Special damages………………………….Kshs.3,500/=

General damages…………………………Kshs.800,000/=

Total……………………………….……..…Kshs.803,500/=

Less

20% contribution……………...….……..Kshs.160,700/=

Net award………………………………...Kshs.642,800/=

3. Aggrieved by the decision, the Appellant filed this appeal and listed 3 grounds as follows;

a) The learned trial Magistrate misdirected himself and erred in law and fact by awarding general damages for pain and suffering that are so manifestly excessive as to be erroneous.

b) The learned trial Magistrate misdirected himself and erred in law and fact in failing to properly consider the medical reports in record and hence arrived at an award that is so manifestly excessive as to be erroneous.

c) The learned trial Magistrate misdirected himself and erred in law and fact by failing to properly consider the defendant’s submissions on record thus arrived at an erroneous finding on quantum.

4. Parties agreed to dispose of the appeal by way of written submissions which they did.

The Appellant’s submissions

5. M/s Wangai Nyuthe for the Appellant submits that according to Dr. Musyoki and Dr. Wambugu, the Respondent sustained fractures of finger bones on hands, fracture iliac bone and injury to the chest. She contends that none of the doctors other than Dr. Ndeti mentioned a fracture of the left femur and as such, the award of Kshs.800,000/= was inordinately high as to be erroneous. She relies on the following case law;

a) Nakuru Civil Appeal No. 105 of 2018 S.D.V Transami K. Ltd –vs- Scholastica Nyambura (2012) eKLR where the plaintiff sustained; compound fracture of the right tibia and fibula, deep cut wound on the left leg and multiple cut wounds on the right leg. An award of Kshs.300,000/= was reduced to Ksh.250,000/=.

b) Nairobi Cause No. 98 of 2011; Kennedy Mutinda Nzioka –vs- Basco Product (Kenya) Ltd (2013) eKLR where an award of Kshs.210,000/= was given to a claimant who had sustained a crush injury with fracture of the middle phalanx right finger and total permanent incapacity of 2%.

6. The Appellant submits that the above authorities are recent and should guide this court in finding that an award of Kshs.350,000/= is adequate compensation.

The Respondent’s submissions

7. Mr. Mochama for the Respondent has decried the omission of his trial court submissions from the record of appeal as well as supporting medical documents. He submits that Dr. Wambugu awarded a 2% permanent incapacitation which is a clear indication that the injuries were severe and as such, the award is justified. He further submits that there is no cogent evidence, rebutting the suffering of the femur fracture, to warrant interfering with the award.

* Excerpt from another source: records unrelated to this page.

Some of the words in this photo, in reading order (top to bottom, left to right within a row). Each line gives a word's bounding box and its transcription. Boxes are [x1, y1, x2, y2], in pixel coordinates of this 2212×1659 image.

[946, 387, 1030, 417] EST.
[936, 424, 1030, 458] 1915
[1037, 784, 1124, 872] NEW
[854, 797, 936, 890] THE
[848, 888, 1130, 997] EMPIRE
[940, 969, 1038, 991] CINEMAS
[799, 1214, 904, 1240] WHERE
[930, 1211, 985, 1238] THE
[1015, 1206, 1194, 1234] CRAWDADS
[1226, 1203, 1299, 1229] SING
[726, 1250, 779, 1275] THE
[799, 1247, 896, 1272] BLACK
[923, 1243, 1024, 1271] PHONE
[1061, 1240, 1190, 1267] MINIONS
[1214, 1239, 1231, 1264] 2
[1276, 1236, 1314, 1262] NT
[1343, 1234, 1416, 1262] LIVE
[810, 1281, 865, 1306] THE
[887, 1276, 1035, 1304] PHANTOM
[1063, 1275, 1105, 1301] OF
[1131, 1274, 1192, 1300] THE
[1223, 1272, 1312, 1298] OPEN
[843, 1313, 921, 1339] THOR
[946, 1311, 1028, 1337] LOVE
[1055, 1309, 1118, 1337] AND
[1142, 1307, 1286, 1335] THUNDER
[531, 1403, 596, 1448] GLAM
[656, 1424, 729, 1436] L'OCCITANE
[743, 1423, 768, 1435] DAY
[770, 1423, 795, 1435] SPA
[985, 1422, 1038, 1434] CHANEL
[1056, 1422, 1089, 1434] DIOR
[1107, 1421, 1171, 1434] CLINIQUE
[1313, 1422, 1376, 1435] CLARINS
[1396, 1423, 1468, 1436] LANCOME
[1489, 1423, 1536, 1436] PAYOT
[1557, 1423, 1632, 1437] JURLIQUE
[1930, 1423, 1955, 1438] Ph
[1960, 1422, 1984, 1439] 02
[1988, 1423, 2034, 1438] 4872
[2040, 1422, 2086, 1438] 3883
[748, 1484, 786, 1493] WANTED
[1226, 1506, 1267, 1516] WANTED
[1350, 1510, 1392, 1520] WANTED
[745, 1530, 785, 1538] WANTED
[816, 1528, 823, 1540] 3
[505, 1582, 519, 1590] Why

Analysis and determination

8. It is now settled that the duty of a first Appellate court is to analyze and re-evaluate the evidence on record in order to

reach it’s own conclusions bearing in mind that it did not have the benefit of seeing or hearing the witnesses. See Selle & Another –vs- Associated Motor Boat Company Limited & Others (1968) E.A 123:

9. The Respondent’s counsel raised issue with documents not included in the Record of Appeal. Firstly, that is an issue he ought to have raised when the appeal first came for directions after service of the Record of Appeal. I however, wish to reassure him that the original record is before me with ALL the annextures and exhibits.

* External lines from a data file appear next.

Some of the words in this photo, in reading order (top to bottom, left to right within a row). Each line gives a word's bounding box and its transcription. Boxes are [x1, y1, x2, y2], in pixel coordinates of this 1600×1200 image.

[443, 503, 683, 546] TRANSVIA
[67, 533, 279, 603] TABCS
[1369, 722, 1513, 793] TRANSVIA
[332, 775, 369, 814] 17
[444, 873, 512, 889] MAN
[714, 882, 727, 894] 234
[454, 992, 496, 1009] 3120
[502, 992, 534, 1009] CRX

10. Having considered the grounds of appeal, the rival submissions and entire record, I find the following issues to arise for determination;

a) Whether the Respondent sustained a fracture of the left femur.

b) Whether the quantum of damages should be disturbed.

Issue no. (a) Whether the Respondent sustained a fracture of the left femur

11. The injuries sustained were pleaded as follows;

a) Blunt injury to the chest

b) Multiple fractured bones of both hands

c) Fractured left femur

d) Blunt injury to the lower back.

12. In the consent recorded on 22/12/2016, the parties agreed inter alia to attach the supporting documents, mentioned in

their lists of documents, to their written submissions. The following documents were attached by the Respondent;

a) Discharge summary from Makindu sub-county hospital.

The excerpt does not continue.